WORK TASK: Please copy each line of the listing below precisely, excluding the images.
Start of MATERIAL FOR THIS TASK
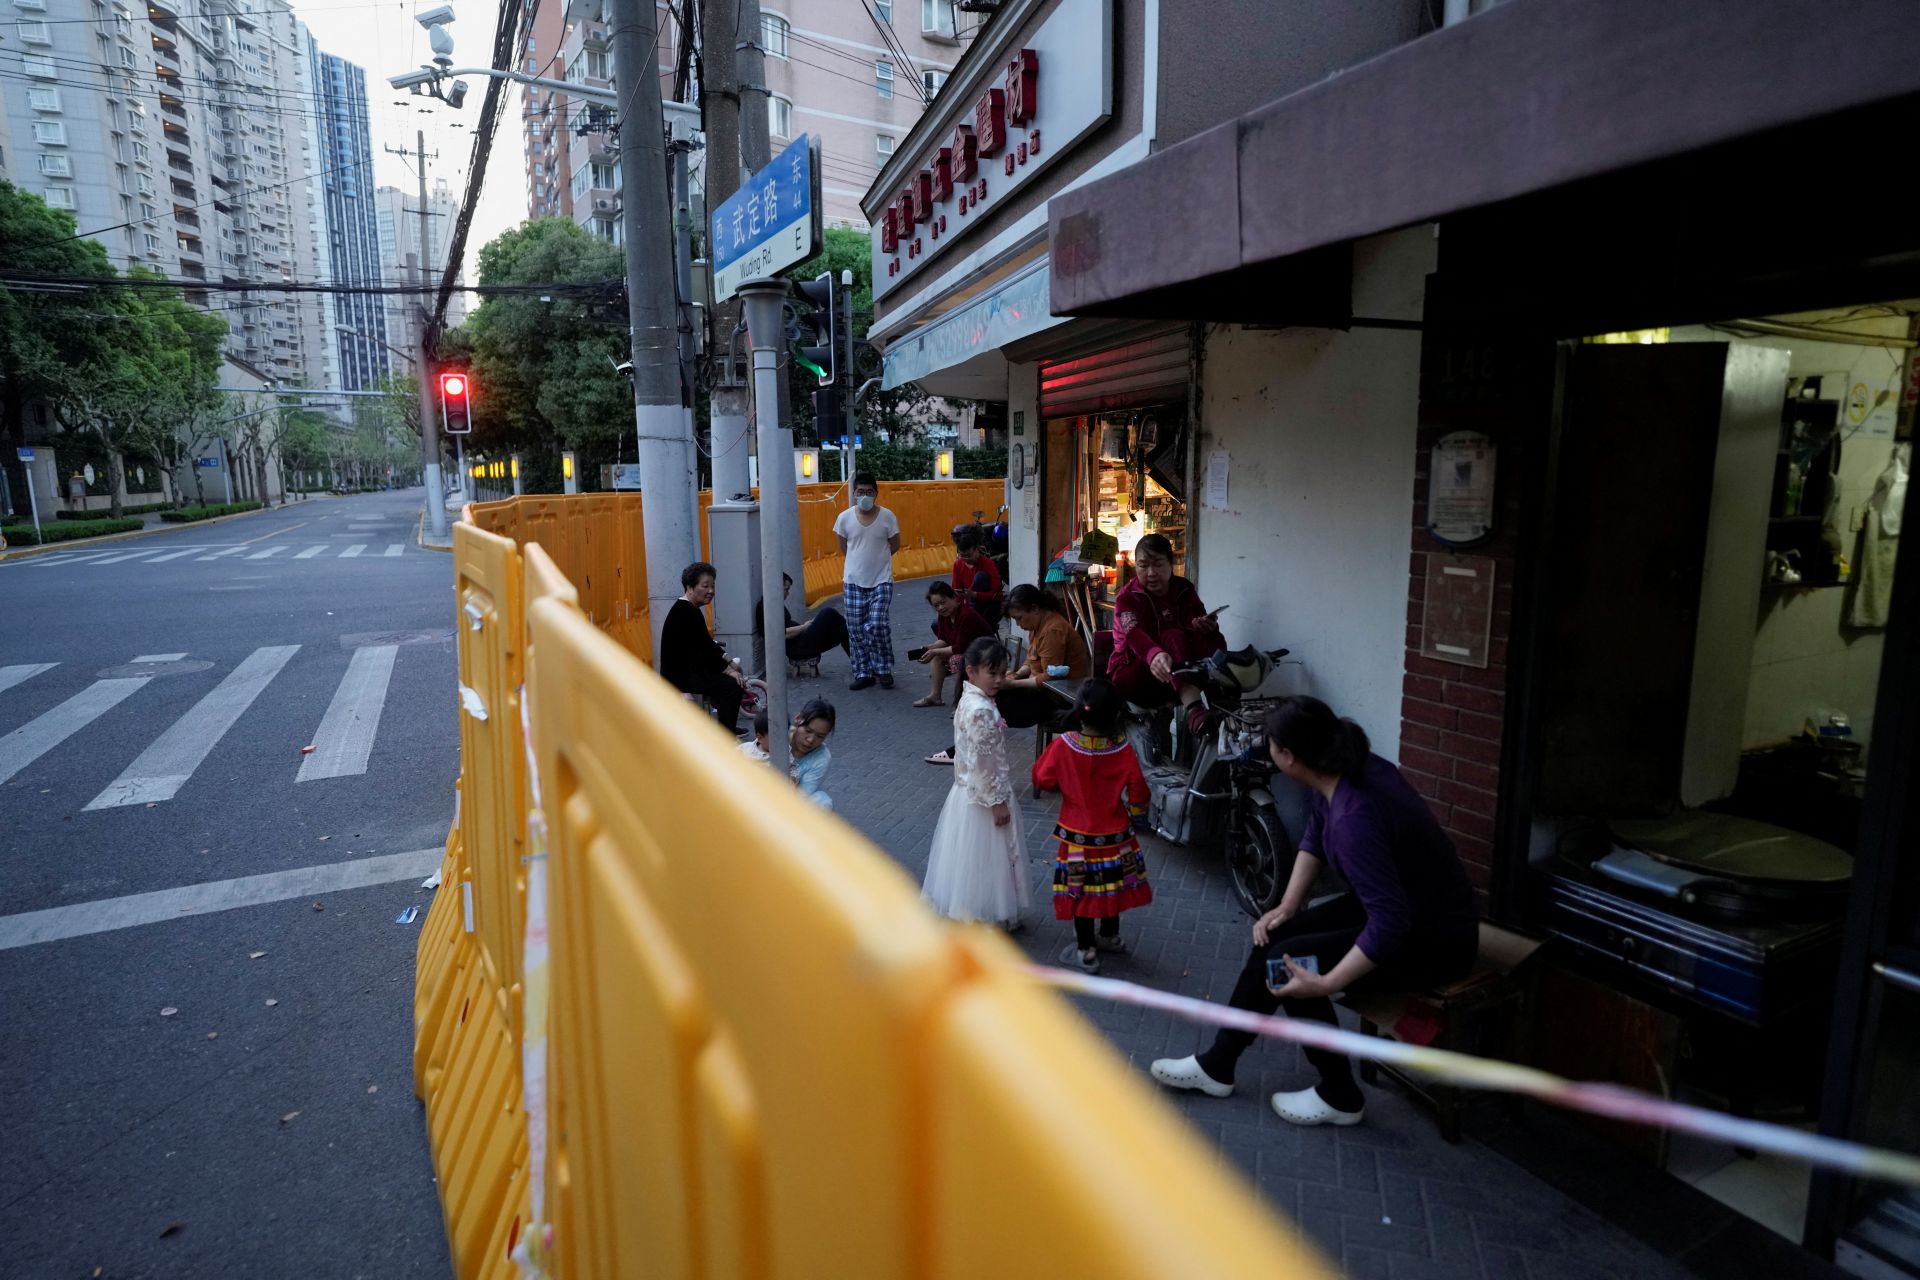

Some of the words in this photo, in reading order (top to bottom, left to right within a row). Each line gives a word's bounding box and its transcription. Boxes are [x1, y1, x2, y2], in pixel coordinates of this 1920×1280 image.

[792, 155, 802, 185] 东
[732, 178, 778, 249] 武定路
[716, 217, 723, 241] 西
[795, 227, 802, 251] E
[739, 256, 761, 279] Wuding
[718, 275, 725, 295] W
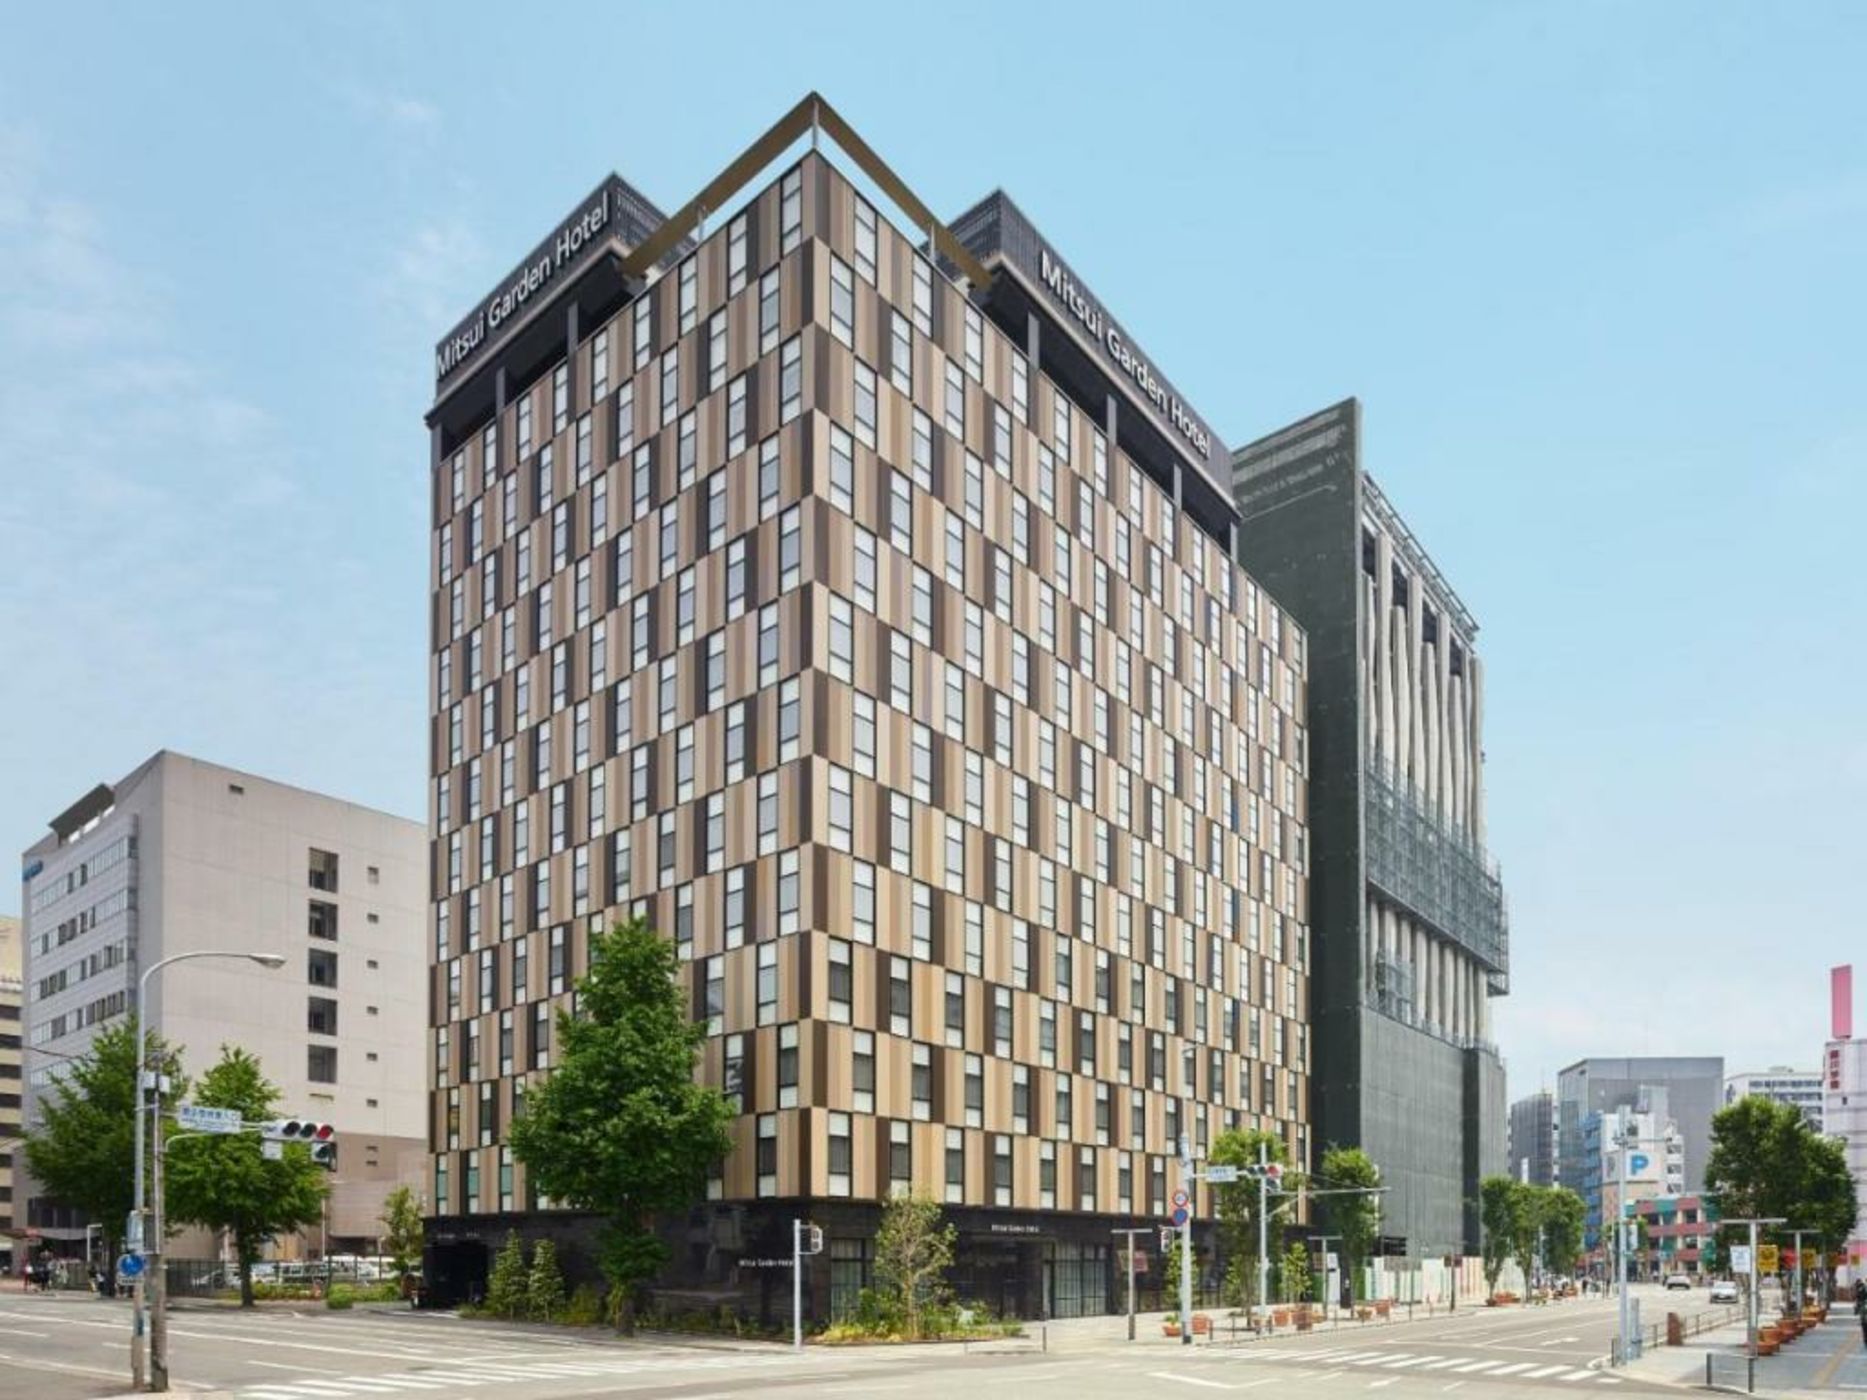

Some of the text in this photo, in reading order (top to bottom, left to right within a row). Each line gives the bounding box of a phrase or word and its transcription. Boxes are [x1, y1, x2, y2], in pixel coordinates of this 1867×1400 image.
End of MATERIAL FOR THIS TASK
REPLY TO THE TASK:
Some of the words in this photo, in reading order (top to bottom, left to right within a row). Each line gives a word's bounding box and its transcription. Boxes are [x1, y1, x2, y2], in pixel coordinates of this 1920×1280 image.

[792, 155, 802, 185] 东
[732, 178, 778, 249] 武定路
[716, 217, 723, 241] 西
[795, 227, 802, 251] E
[739, 256, 761, 279] Wuding
[718, 275, 725, 295] W

Some of the text in this photo, in reading order (top to bottom, left to right within a row). Each line gives the bounding box of a phrase or word and its transcription. Boxes are [x1, y1, x2, y2], in pixel coordinates of this 1867×1400 image.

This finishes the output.